Environmentalists warn that each day Alligator Alcatraz remains up and running is one more day of irreparable damage to the Everglades, and area that is North America’s only subtropical wilderness and home to thousands of native plants and animal species and dozens of which are endangered or threatened.
“We know the species like the Florida Panther, are just barely clinging to existence. We have one population, the only in the world, that is found here in South Florida," said Elise Bennett/Florida Director and Attorney/ Center for Biological Diversity .”There’s roughly 200 of them left in the wild.”
- MORE ON THE STORY: See a special report to air about the Everglades detention center on Southwest Florida in Focus
Bennett said the significant increase in traffic could be doom the Florida panther.
“Dump trucks, staff coming to work on the site, transporting folks to be held at the site, all that increases the chances of losing more panthers to road deaths which drives them closer to the brink of extinction,” she said.
Bennett added that the facility also threatens one of the rarest bats in the world -- the Florida bonneted bat.

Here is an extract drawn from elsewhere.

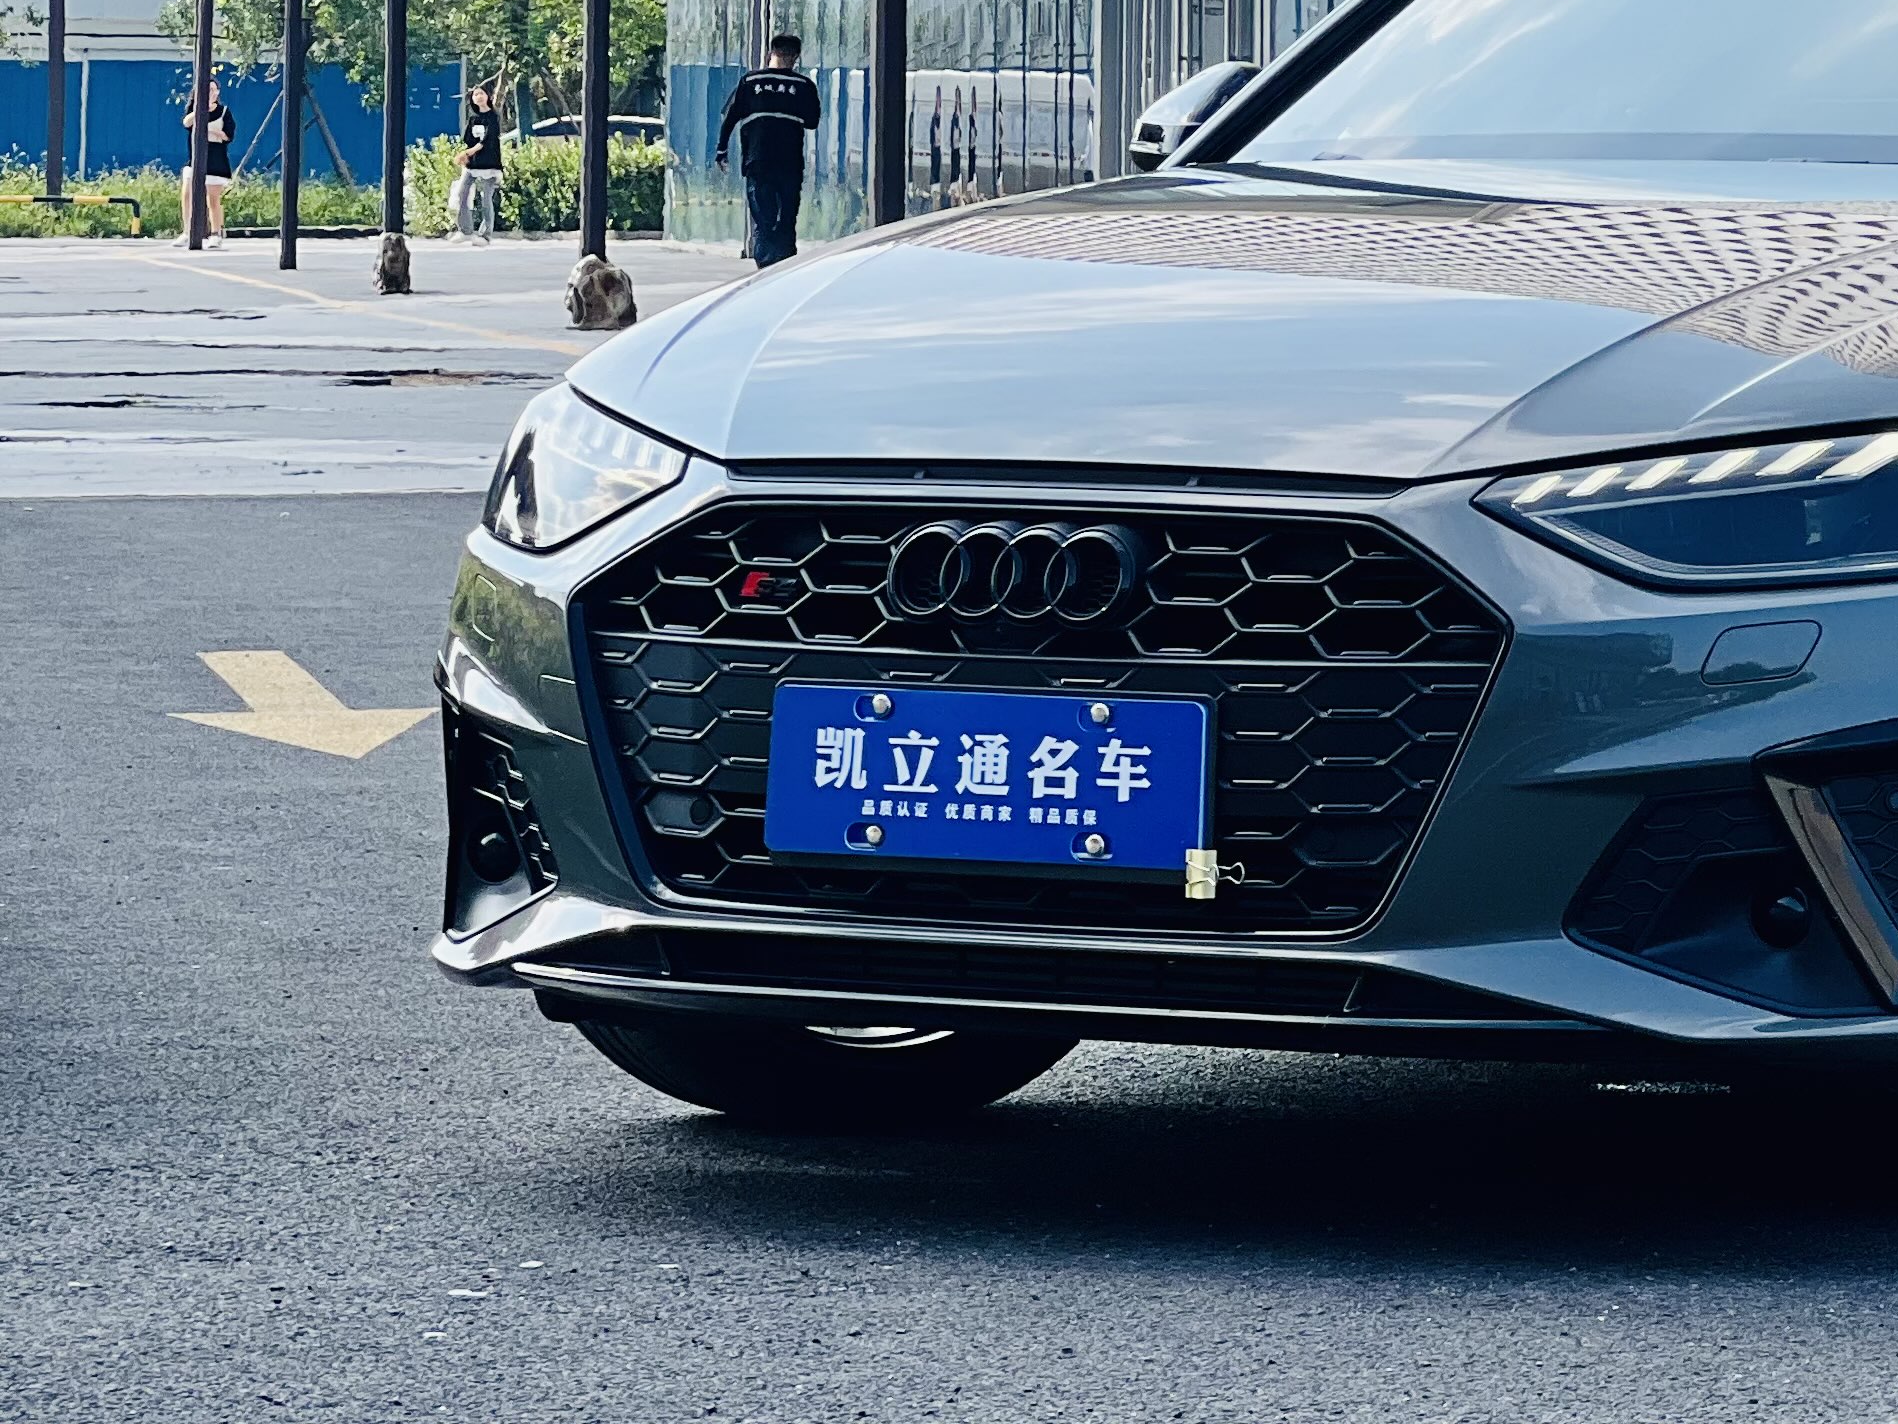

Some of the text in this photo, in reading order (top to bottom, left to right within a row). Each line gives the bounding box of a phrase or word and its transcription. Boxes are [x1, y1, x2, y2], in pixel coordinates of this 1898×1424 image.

[813, 726, 1153, 804] 凯立通名车
[861, 799, 1097, 826] 品质认证 优质商家 精品质保

“We talked with bat experts we know they have been documented miles from the site. They can fly dozens of miles every night so we know it is very likely they are flying over this area they are foraging.”
She says the detention center lights up the night sky reportedly seen at least 15 miles away.

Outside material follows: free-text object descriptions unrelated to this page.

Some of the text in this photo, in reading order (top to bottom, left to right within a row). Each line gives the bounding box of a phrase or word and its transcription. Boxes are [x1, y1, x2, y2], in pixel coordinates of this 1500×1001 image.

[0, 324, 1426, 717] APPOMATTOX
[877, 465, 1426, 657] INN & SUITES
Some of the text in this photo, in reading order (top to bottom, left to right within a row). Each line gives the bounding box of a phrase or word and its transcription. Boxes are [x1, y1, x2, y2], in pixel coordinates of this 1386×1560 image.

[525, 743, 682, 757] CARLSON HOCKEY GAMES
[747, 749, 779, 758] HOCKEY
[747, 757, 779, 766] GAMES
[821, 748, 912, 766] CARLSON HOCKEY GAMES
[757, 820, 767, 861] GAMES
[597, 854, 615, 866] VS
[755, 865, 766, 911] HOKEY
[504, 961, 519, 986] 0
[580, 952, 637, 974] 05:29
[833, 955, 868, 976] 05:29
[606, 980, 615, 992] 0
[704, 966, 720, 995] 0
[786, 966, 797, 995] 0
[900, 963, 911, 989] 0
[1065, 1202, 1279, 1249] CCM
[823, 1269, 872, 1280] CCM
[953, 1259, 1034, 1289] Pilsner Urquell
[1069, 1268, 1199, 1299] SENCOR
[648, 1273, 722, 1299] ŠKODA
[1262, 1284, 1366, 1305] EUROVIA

“As you bring all the artificial light into the sites, what you are destroying is their grocery store, their restaurant, the places they go to eat, and that puts them at greater risk. It makes them weaker. It displaces them,” Bennett said
The area where the detention center is located in is known as an international dark sky.

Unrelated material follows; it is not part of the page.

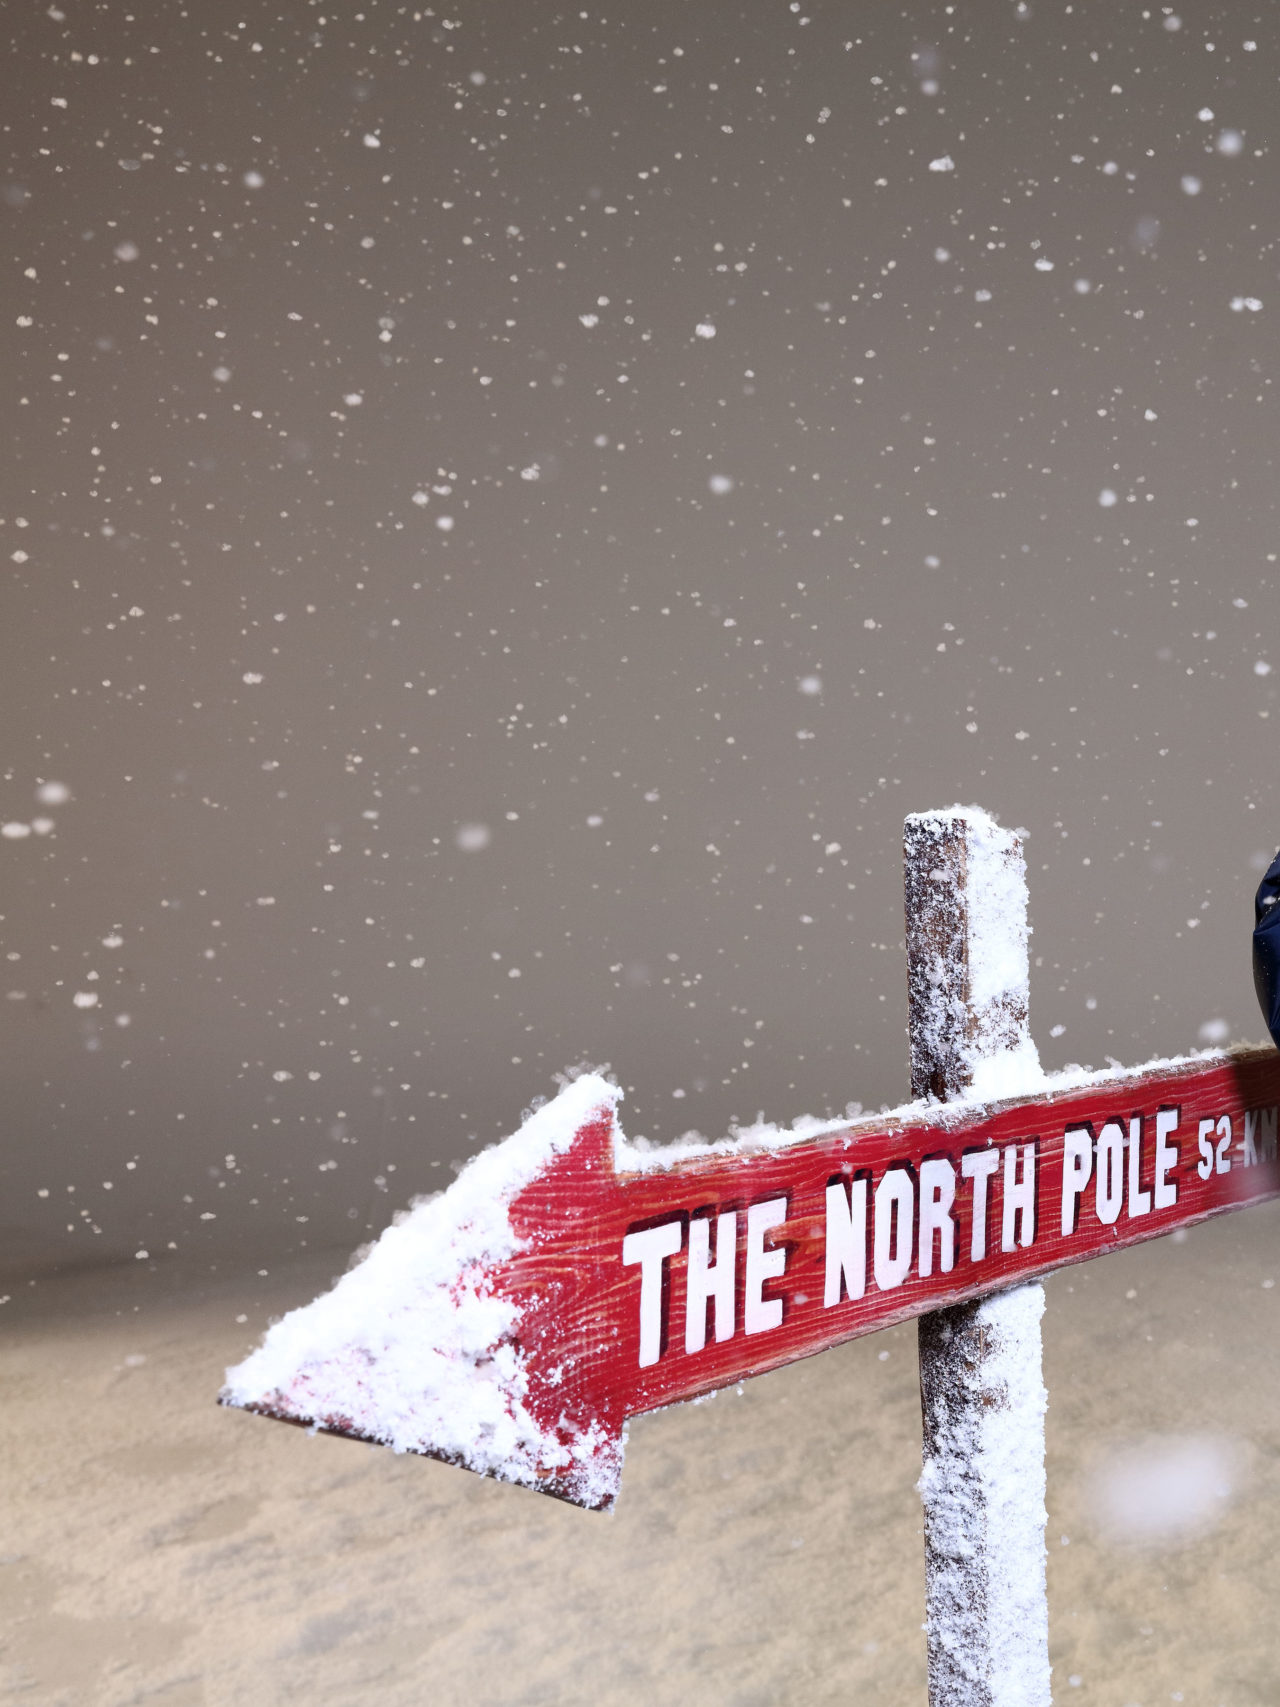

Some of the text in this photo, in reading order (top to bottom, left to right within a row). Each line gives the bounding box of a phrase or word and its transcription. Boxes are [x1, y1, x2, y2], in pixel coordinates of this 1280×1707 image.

[622, 1106, 1279, 1368] THE NORTH POLE 52 KM

“It is one of the darkest skies east of the Mississippi River,” she said. “Preserving that darkness is not only good for us, people who like to star gaze but also for wildlife like panthers that do a lot of their movement and hunting at night and Florida bonneted bats who need dark, open skies to hunt as well.”
She says they are concerned about chemicals used at the site could be harmful to wildlife such as the Everglades snail kite… a bird who hunts snails.
“If you're using pesticides and they're getting into the prey items for these endangered species, that it could impact them at a cascading scale,
Maybe not directly, but through the food that they're eating,” she said.
Bennett says noise, water and soil pollution are top concerns.
“This is an incredibly, ecologically sensitive area. If you just look out to either side, you see water. And wetlands surrounding the sight all the way up to where that paved runway is. It is very vulnerable to run off," she said. "We know we have seen new paving. new asphalt. All of that, risks introducing new contaminants from the paving itself. But also, the contaminants of just keeping thousands of people living on the site, all of the solid waste, the trash, the human refuse.”
Governor Desantis has denied the detention center will cause environmental harm.
“Any sense that somehow like this is going to have any impact at all on the overall Everglades, there is zero impact,” DeSantis has said.
But, Bennett has a different assessment: “From the large and charismatic Florida panther to lowly crab grass, the impacts are extensive. And when you destroy the fabric of life by coming into an incredibly sensitive place and develop you are not only hurting every one of those species. You are hurting humanity.”